The main variants of DPM are a four-colour woodland pattern, and desert patterns in two, three or four colours. The Woodland Pattern DPM was used with the mediumweight No.8 Temperate Combat Dress (c.1966/1968) and lightweight No.9 Tropical Combat Dress (c.1976). The later Desert Pattern DPM (c.late 1980s) was designated the No.5 Desert Combat Dress.
DPM has also been produced in black/white/grey Urban DPM, in various blue tones and even in purples (this last for the Swazi Royal Guard).
The British Army first used a form of DPM for the famous Denison smock issued to the Parachute Regiment and British Commandos from the early 1940s. The first examples of this design were said to be hand-painted. The Denison smock design went through minor changes, and continued in use with the Royal Marines and the Parachute Regiment until the 1970s.
From 1960, the British Army was issued with the so-called 1960 Pattern field-uniform range to replace earlier plain green uniforms. The 1960 Pattern field-uniform consisted of a Combat Smock, Combat Trousers, a Combat Hood attached to the smock by two epaulette buttons and a third button concealed under the collar, and, for exceptionally cold conditions, a Parka.
First limited use
A new British DPM was developed in the early 1960s, using the four basic western European temperate colours of black, dark brown, mid-green and a dark sand to make a very effective camouflage that has survived in its basic design, with no more than slight changes to the colours and pattern, until current times.
This design was probably used first on a very small scale for a hooded Smock, Windproof, 1963 Pattern, issued only to special forces.
In 1966 the Army introduced, though not universally, a camouflage field uniform. Known informally as the 1966 Pattern, it was in fact identical in design to the 1960 Pattern kit, though now made in DPM fabric. It is labelled, like the earlier plain olive green version, Smock, Combat, 1960 Pattern and Trousers, Combat, 1960 Pattern.
The 1966 DPM range did not completely replace the plain olive green 1960 Pattern Smock and Trousers, which continued to be worn widely until the 1968 DPM kit was issued. Both the Royal Marines and the Parachute Regiment continued to wear the Trousers, Combat, 1960 Pattern with the Denison smock, and examples of these trousers were made even after 1968. These units eventually stopped issuing the Denison smock (in mid to late 1970s) and adopted smocks in the general-issue DPM while still for a time wearing the plain olive 1960 Pattern Trousers.

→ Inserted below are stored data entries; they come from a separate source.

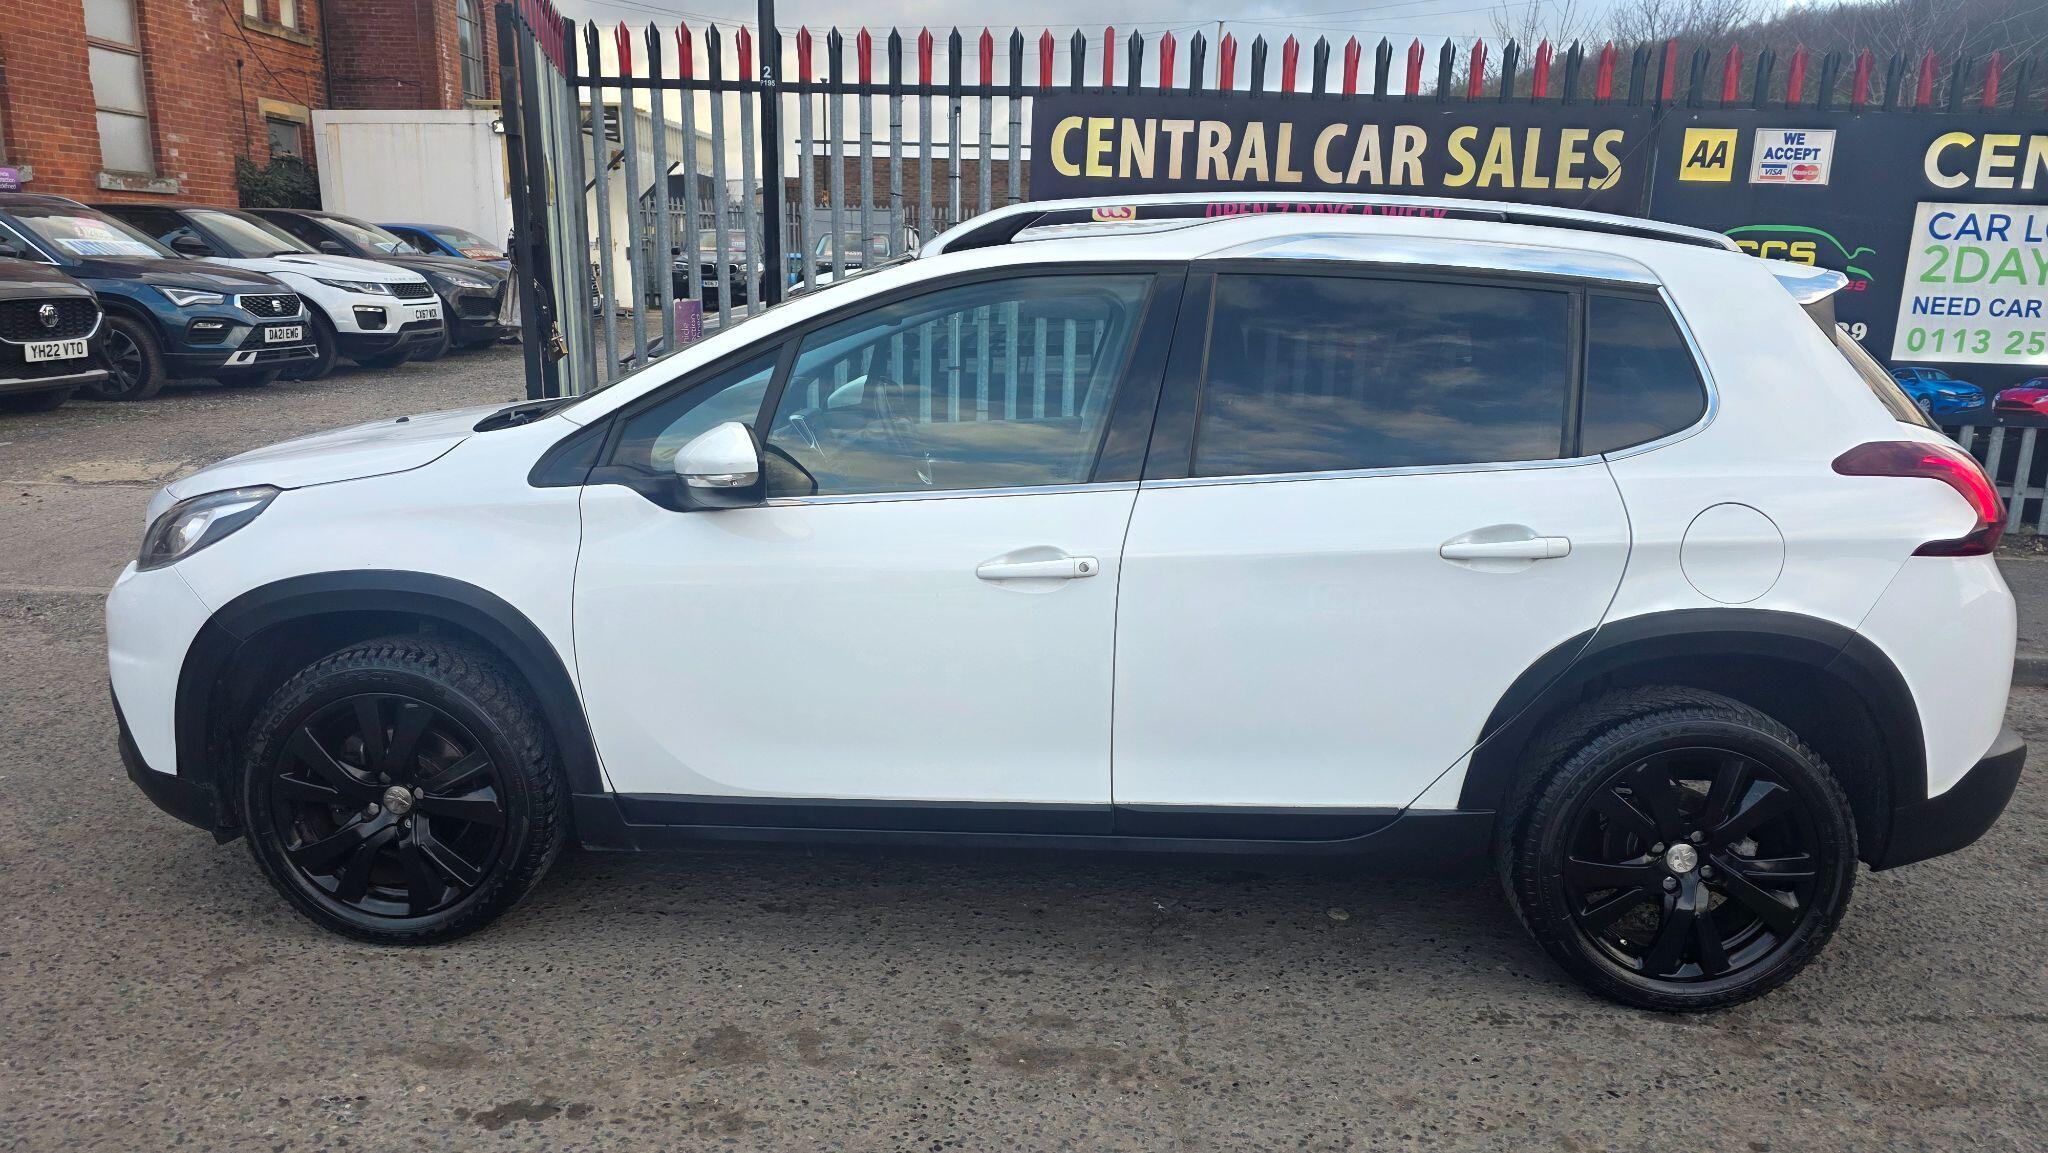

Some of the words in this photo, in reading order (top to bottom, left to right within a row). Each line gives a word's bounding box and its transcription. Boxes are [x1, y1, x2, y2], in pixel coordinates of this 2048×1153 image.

[763, 65, 771, 78] 2
[1784, 132, 1806, 146] WE
[1050, 116, 1303, 183] CENTRAL
[1313, 123, 1428, 186] CAR
[1443, 126, 1625, 191] SALES
[1686, 140, 1729, 169] AA
[1763, 147, 1821, 161] ACCEPT
[1765, 168, 1783, 176] VISA
[1928, 211, 2012, 242] CAR
[2024, 214, 2048, 243] L
[1912, 296, 1981, 316] NEED
[1988, 298, 2043, 318] CAR
[269, 327, 285, 340] DA21
[1907, 327, 1991, 354] 0113
[2004, 330, 2047, 356] 25
[31, 343, 60, 358] YH22
[63, 341, 84, 355] VTO

The 1968 Pattern range—first general use
Before the 1966 Pattern equipment had reached all units a slightly revised design of Smock, Combat and Trousers, Combat were introduced as the 1968 Pattern range. The 1966 Pattern DPM fabric design was changed very little for the 1968 issue, and it seems that the 1968 Pattern garments were made for some time in the two very similar DPM fabrics. A Hood, Combat, DPM, made of DPM cotton fabric and with a plain olive green lining, was also included in the range, fastened as required to the back of the Smock with the two epaulette buttons and a third under the collar.
In doing this the British Army was the first to adopt a camouflage uniform universally.
For the Royal Marines, which had a responsibility for NATO's northern flank, a Smock, Windproof, Arctic and Trousers, Windproof, Arctic were introduced circa 1972. These were made in a lightweight, but wind-proof, DPM fabric and could be worn over quilted jacket and trousers in extreme cold conditions. The design of both smock and trousers differ radically from both the standard and para designs. The smock is long and loose-fitting, and incorporates a voluminous wired-rim hood, while the trousers have zips in the lower leg to allow them to be put on over boots.
In the mid 1970s a new Smock Parachutist DPM (Para smock) was introduced for the Parachute Regiment and other airborne units. Though made in the 1968 Pattern cotton fabric, its design was closer to that of its predecessor, the Denison smock.
At the same time a Smock, Sniper, was introduced, based heavily on the Smock Parachutist DPM and sharing many of its details. It was distinguished by its padded elbows and shoulders, relocated lower pockets, multiple loops for securing natural camouflage material and hooks for the rifle sling.
During the late 1970s, batches of the 1968 Pattern camouflage were used by the USAF Police Tactical Neutralisation Teams at RAF Upper Heyford as a temporary stand-in for the ERDL/M81 Woodland fatigues.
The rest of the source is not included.